The Strait of Hormuz, located between Oman and Iran, connects the Persian Gulf with the Gulf of Oman and the Arabian Sea. The strait is deep enough and wide enough to handle the world’s largest crude oil tankers, and it is one of the world’s most important oil chokepoints. Large volumes of oil flow through the strait, and very few alternative options exist to move oil out of the strait if it is closed. In 2024, oil flow through the strait averaged 20 million barrels per day (b/d), or the equivalent of about 20% of global petroleum liquids consumption. In the first quarter of 2025, total oil flows through the Strait of Hormuz remained relatively flat compared with 2024.


As we have seen maritime traffic through the Strait of Hormuz blocked following recent tensions in the region, the price of Brent crude oil (a global benchmark) increased from $69 per barrel (b) on June,2025 to $100/b on April,2026. This article highlights the importance of the strait to global oil supplies.


What are chokepoints? And why do they matter?


Chokepoints are narrow channels along widely used global sea routes that are critical to global energy security. The inability of oil to transit a major chokepoint, even temporarily, can create substantial supply delays and raise shipping costs, potentially increasing world energy prices. Although most chokepoints can be circumvented by using other routes often adding significantly to transit time, some chokepoints have no practical alternatives. Most volumes that transit the strait have no alternative means of exiting the region, although there are some pipeline alternatives that can avoid the Strait of Hormuz.


Disruptions can delay shipments, increase transportation and insurance costs, and lead to shortages of essential goods, especially energy resources like oil and gas. As a result, prices rise, supply chains are strained, and economic stability is affected worldwide, highlighting the critical role chokepoints play in maintaining the smooth functioning of international trade.



Between 2022 and 2024, volumes of crude oil and condensate transiting the Strait of Hormuz declined by 1.6 million b/d, which were only partially offset by a 0.5-million b/d increase in petroleum product cargoes. The decline in oil transit through the strait partially reflects the OPEC+ decision to voluntarily cut crude oil production several times starting in November 2022, which lowered exports from Saudi Arabia, Kuwait, and the United Arab Emirates (UAE). In addition, disruptions in 2024 to oil flows around the Bab al-Mandeb Strait, which connects the Arabian Sea to the Red Sea, led Saudi Arabia’s national oil company Aramco to shift seaborne crude oil flows from the Strait of Hormuz, instead sending it over land through its East-West pipeline to ports on the Red Sea. Also, more refining capacity in the Persian Gulf states increased regional demand for crude oil and shifted some flows to local markets within the Persian Gulf.

 

The Impact of the Strait of Hormuz Crisis on Global and Indian Trade


The effective closure of the Strait of Hormuz in March 2026 has paralyzed one of the world’s most vital economic arteries, following intense military escalations in the Middle East. As a narrow chokepoint that normally handles twenty percent of global oil and nearly a quarter of its liquefied natural gas, the sudden halt in traffic has triggered a massive energy shock. Ship transits through the strait have plummeted by nearly ninety-seven percent because insurance companies have withdrawn war-risk coverage, making the route commercially impossible to navigate. Global shipping giants have been forced to reroute their fleets around the Cape of Good Hope in Africa, a detour that adds thousands of miles and roughly two weeks to travel times. This logistical chaos has sent Brent crude oil prices soaring past one hundred dollars per barrel, fueling worldwide inflation and causing a secondary crisis in the supply of fertilizers and essential chemicals, which threatens global food security for the coming year.

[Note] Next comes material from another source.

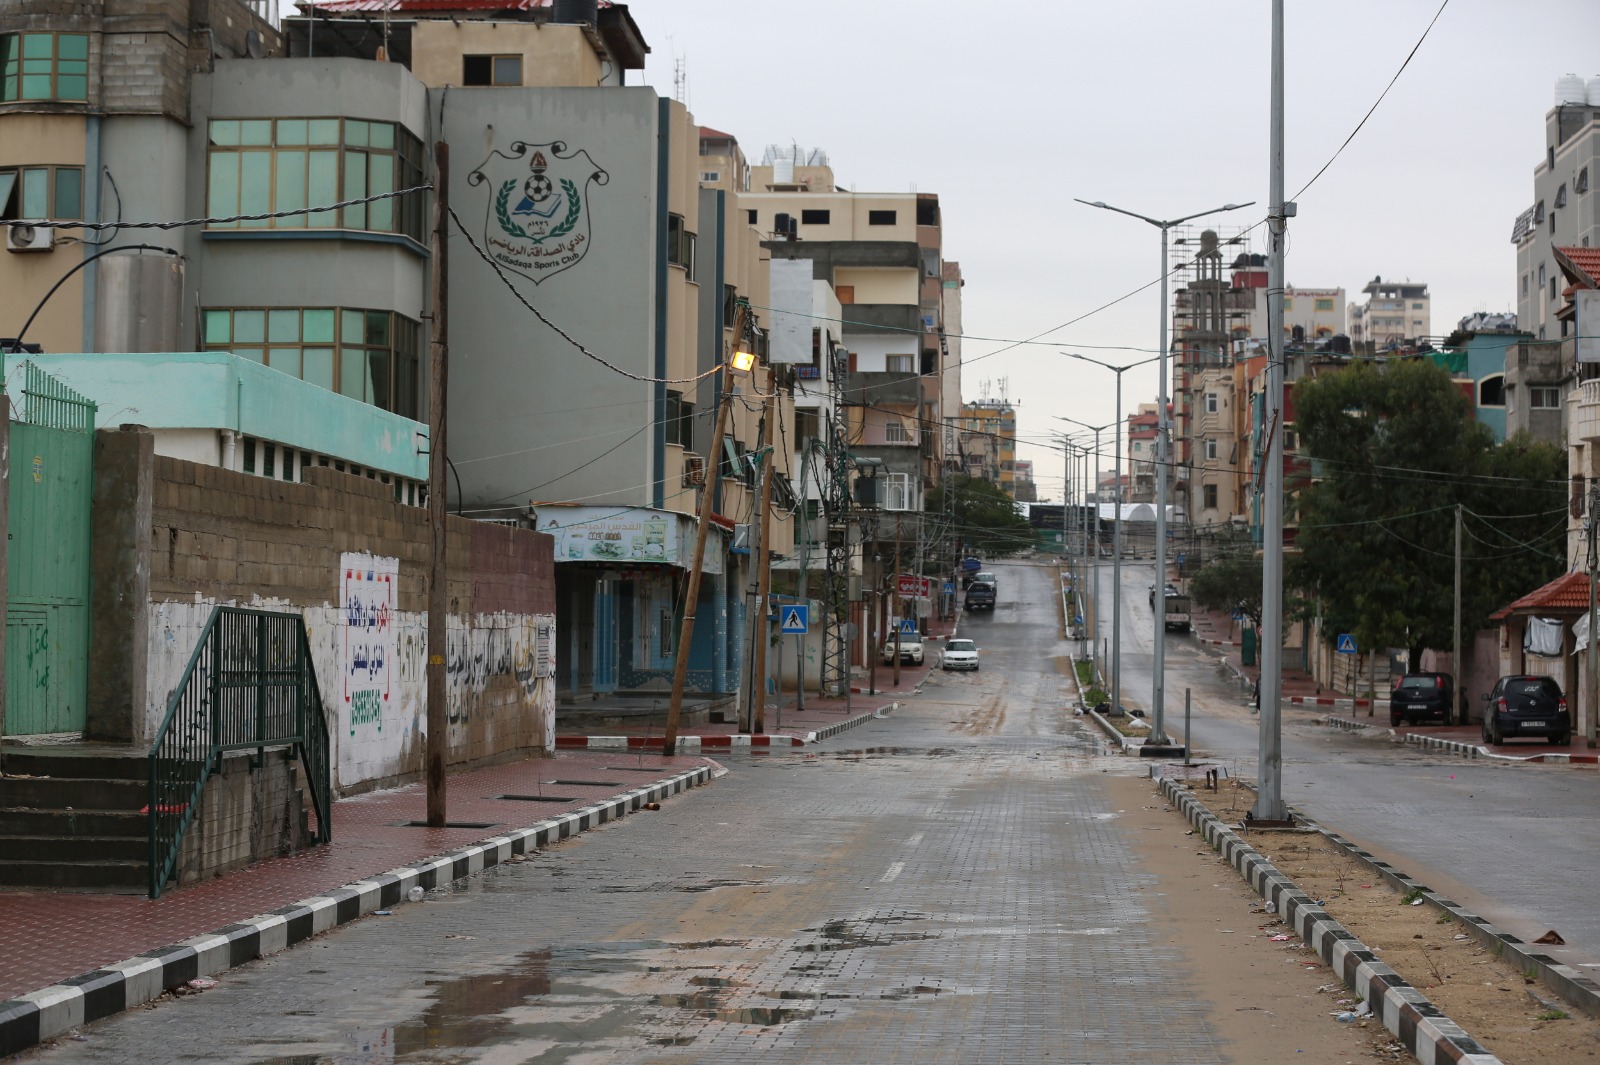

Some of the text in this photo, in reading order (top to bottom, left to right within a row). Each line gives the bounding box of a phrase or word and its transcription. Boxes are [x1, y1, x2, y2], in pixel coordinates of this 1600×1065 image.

India is facing a significant challenge due to this blockade because the country historically relies on the strait for nearly half of its crude oil and almost ninety percent of its cooking gas imports. The resulting shortage has caused widespread panic booking of gas cylinders and a sharp drop in the Indian stock market as investors worry about rising import costs and a weaker rupee. To manage this crisis, the Indian government has rapidly shifted its sourcing, with non-Hormuz oil from Russia, West Africa, and the United States now making up seventy percent of total imports. Additionally, the government has invoked emergency laws to prioritize domestic cooking gas production and has conducted nationwide raids to prevent the hoarding of fuel. On the front lines, the Indian Navy is providing security escorts for essential tankers through humanitarian windows, while the country taps into its strategic petroleum reserves to ensure that the power grid and transport sectors remain operational during this period of extreme volatility.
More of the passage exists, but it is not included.